NCCERT (North Carolina Canine Emergency Response Team) is a Statewide volunteer organization providing search and rescue services to local, state and federal agencies. NCCERT is based out of the Raleigh area of North Carolina.

Location 
NCCERT Headquarters is located at  (35.673200, -78.931800) about 7 miles (13 km) southwest of Apex, North Carolina, on New Hill Road. This location also serves as Apex Fire Station #2.

About
NCCERT is a non-profit, 501(c)(3) corporation serving the State of North Carolina and surrounding areas. It specializes in finding missing persons.

Committed to the goal of providing highly skilled search and rescue teams 24 hours a day, NCCERT responds to requests from law enforcement agencies and emergency management agencies, during natural or man made disasters, structure and building collapse, drownings, and lost persons in urban and wilderness settings, at no cost to the requesting agency.

Through the Apex Fire Department, the group is a part of the search division on North Carolina Task Force 4.

In addition, NCCERT works to promote understanding and public awareness of the role of search dogs through public demonstrations and lectures to state and local agencies, schools, retirement and rest homes.

Trained in Disaster, Cadaver (water and land) and Wilderness searches, these teams undergo rigorous training and must meet strict standards before they are deployed on a mission.
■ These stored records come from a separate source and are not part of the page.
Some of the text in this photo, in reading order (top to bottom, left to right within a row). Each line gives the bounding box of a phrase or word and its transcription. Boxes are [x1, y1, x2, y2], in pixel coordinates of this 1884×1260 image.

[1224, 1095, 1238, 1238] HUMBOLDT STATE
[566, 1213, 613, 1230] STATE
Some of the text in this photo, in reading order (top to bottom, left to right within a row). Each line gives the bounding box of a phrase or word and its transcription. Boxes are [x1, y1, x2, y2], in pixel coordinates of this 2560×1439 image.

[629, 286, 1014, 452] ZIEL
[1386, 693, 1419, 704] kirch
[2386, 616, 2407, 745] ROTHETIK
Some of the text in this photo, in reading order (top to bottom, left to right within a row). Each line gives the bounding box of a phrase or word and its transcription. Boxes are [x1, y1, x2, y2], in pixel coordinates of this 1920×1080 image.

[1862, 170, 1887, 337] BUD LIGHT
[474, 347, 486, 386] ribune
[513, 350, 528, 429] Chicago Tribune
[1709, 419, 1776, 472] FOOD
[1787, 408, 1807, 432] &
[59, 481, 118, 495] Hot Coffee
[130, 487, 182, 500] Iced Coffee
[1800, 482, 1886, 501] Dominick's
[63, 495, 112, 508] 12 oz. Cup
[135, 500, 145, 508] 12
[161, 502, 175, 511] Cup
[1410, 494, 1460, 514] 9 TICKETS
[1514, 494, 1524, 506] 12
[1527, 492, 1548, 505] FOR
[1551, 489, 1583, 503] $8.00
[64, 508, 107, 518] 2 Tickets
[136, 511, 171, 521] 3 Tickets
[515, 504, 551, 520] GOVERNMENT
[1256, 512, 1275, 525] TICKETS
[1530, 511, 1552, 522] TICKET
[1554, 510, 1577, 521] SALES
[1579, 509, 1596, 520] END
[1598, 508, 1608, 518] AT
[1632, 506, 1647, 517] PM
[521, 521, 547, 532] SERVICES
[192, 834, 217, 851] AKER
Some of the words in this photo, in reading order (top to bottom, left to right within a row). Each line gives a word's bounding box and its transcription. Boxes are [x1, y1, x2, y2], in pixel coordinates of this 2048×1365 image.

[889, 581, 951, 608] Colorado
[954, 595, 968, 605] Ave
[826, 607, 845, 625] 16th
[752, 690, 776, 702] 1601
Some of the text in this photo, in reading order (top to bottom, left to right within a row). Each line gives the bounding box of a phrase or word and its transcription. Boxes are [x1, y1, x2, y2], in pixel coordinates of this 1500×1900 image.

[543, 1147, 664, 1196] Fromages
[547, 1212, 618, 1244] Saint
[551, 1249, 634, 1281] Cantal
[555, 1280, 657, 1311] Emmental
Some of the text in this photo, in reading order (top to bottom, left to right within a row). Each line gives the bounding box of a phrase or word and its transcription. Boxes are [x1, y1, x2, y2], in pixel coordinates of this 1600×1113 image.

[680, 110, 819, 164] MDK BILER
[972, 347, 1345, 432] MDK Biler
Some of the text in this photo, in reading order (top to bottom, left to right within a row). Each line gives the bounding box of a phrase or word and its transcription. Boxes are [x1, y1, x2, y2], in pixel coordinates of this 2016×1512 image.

Ongoing training and continuing education is required for all members to maintain their skills at optimal levels.

Training in search and rescue and disaster response is conducted in diverse situations and often entails more than 50 hours per month for each member.

All members are responsible for providing their own personal equipment.

NCCERT is a statewide organization made up of local teams, which usually respond to local incidents for missing persons. Our calls range from swiftwater rescue calls during major disasters to an overnight search for an Alzheimer's patient. NCCERT is part of the North Carolina USAR Task Force 4 and acts as the search and communications element of that team.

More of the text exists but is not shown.